Spitting Baseball

Well, the SF Giants won the World Series. It was quite exciting considering they didn’t look like they could run across a park in the play-offs, let alone win the championship.

Have you also noticed how much spitting goes on among baseball players? They spit on the field, while pitching, catching, batting, or just scratching themselves.

Coaches and players alike.

What happened to manners?

I looked that up. They used to chew tobacco. Since then baseball has gone green, so now it’s sunflower seeds and bubble gum. It’s more role-model friendly.
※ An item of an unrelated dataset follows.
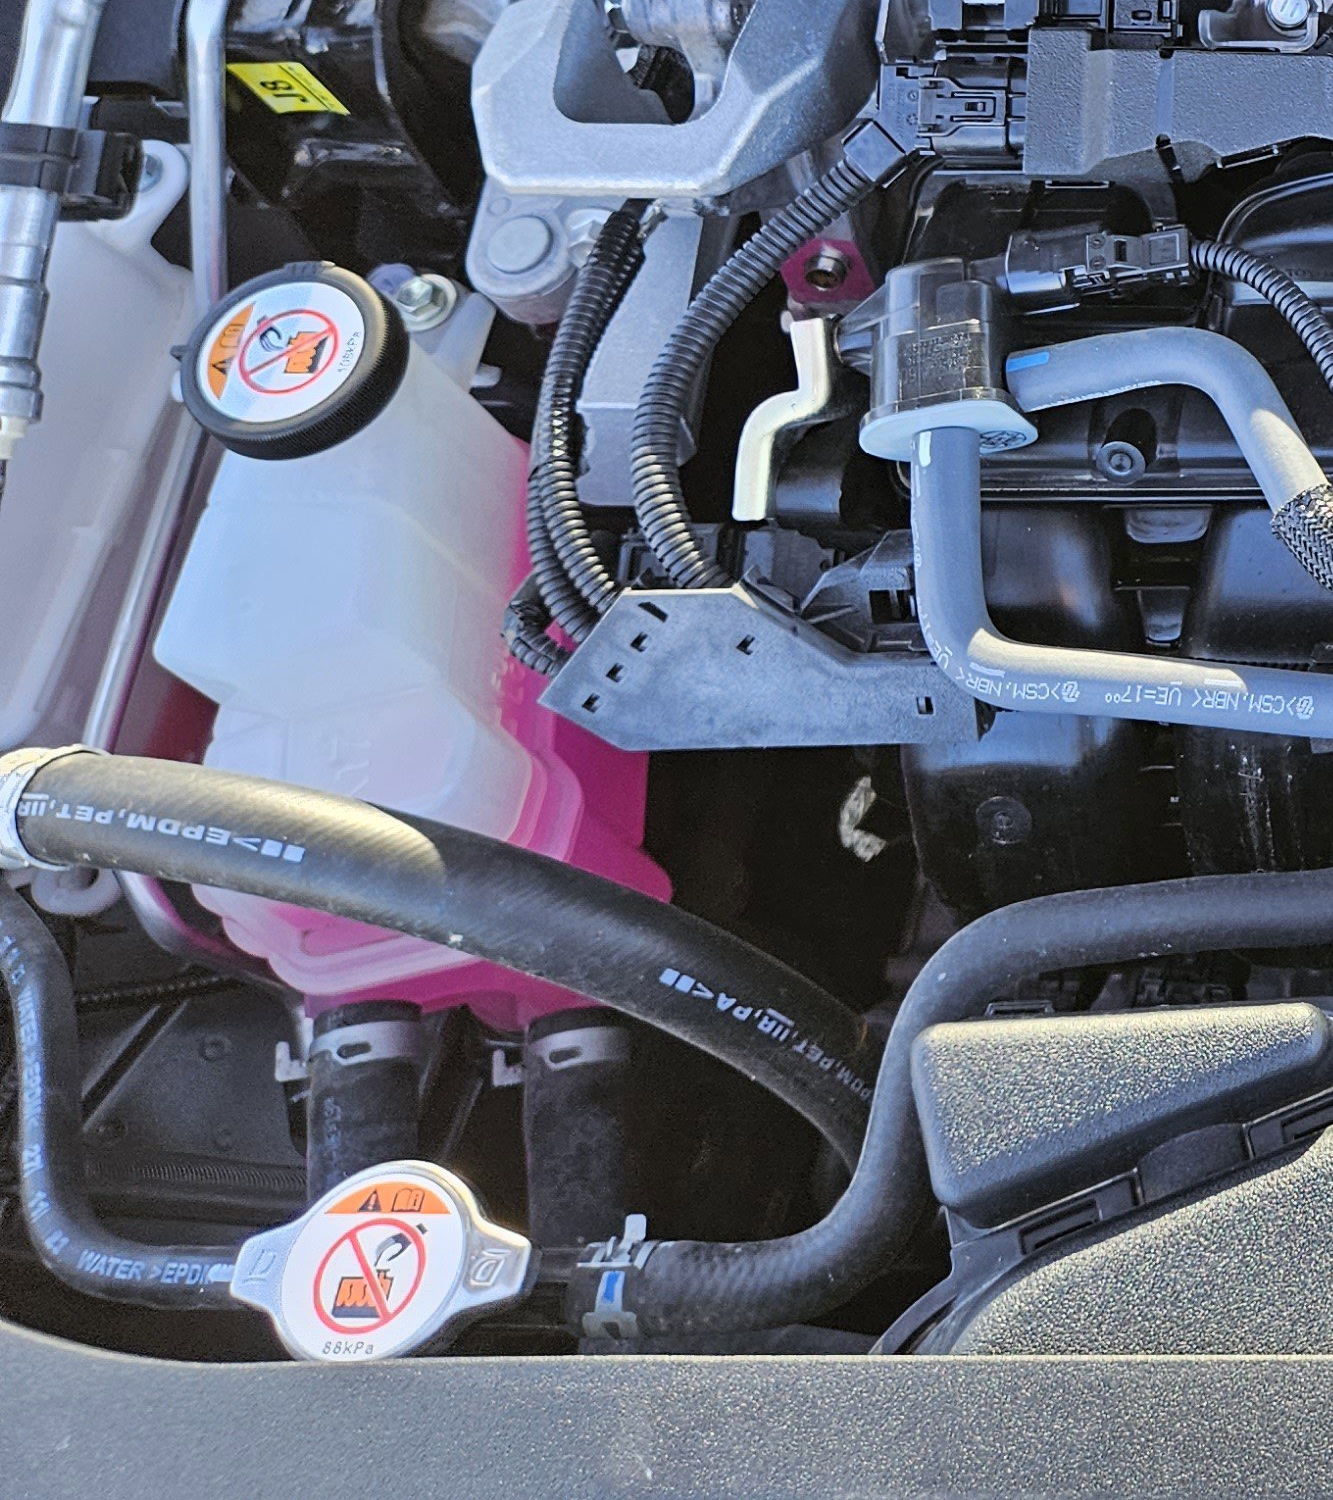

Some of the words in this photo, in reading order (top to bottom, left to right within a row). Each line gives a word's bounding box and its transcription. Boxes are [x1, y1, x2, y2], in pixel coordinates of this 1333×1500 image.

[691, 981, 872, 1101] PDM,PET,IIR,PA<
[77, 1249, 144, 1281] WATER
[322, 1341, 374, 1355] 88kPa
But that doesn’t explain why they spit. Perhaps it’s a hold-over from the tobacco days, and it’s now part of the baseball culture.

Catchers don’t figure in the spitting contest unless they’re adept at flinging it from the side of their masks.
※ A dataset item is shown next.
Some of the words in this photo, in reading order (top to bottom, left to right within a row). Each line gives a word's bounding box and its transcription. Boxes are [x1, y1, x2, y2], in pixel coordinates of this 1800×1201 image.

Batters and pitchers are the stars. The cameras are aimed at them. It’s part of the performance.

What puts my stomach into a twist is watching a runner slide into home base with all that spit-soaked dirt.
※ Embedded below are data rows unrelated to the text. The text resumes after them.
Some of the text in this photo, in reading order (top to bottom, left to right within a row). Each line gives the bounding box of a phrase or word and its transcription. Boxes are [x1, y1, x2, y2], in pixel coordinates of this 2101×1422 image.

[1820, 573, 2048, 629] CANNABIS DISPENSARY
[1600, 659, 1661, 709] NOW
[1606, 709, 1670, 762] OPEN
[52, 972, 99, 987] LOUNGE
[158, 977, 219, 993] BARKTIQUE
Who gets those stains out? That’s what I want to know.

Calvin says, “Baseball is a get-down-and-dirty-game. I’d love to roll in dirt spit.”

Addicted to Orange and Black

Yesterday was Game 1 of the World Series.

Since I live in San Francisco, I couldn’t help but notice.

The city was dressed in orange and black.

The fans donned the team colors, the hats, the beads, and the mitts.

Even kids wore SF Giants earrings and band-aids under each eye in honor of Venezuelan Marco Scutaro. 

I was at AT&T Park as an observer. That’s all I could afford.

The ticket prices were enough to pay off the nation’s debt.

And I didn’t have enough cash on me to pay the $400 price tag for standing room only.

Baseball fever is an addiction.

As the fans streamed by me, I noticed the classic symptoms. Glassy eyes. Flushed cheeks. Hooting and hollering.

There wasn’t a soul in regular clothes.

Orange was de rigueur. Even police officers wore tokens of it on their uniforms.

Beer was the drink of preference.

Boozy breath was the stand-out body odor.

Oh, and the F-16 fly-by timed with the fireworks at the commencement ceremonies was stunning.

Even if I didn’t go in, I still felt part of history.

Calvin says, “Boozy breaths? Now that’s my kind of people.”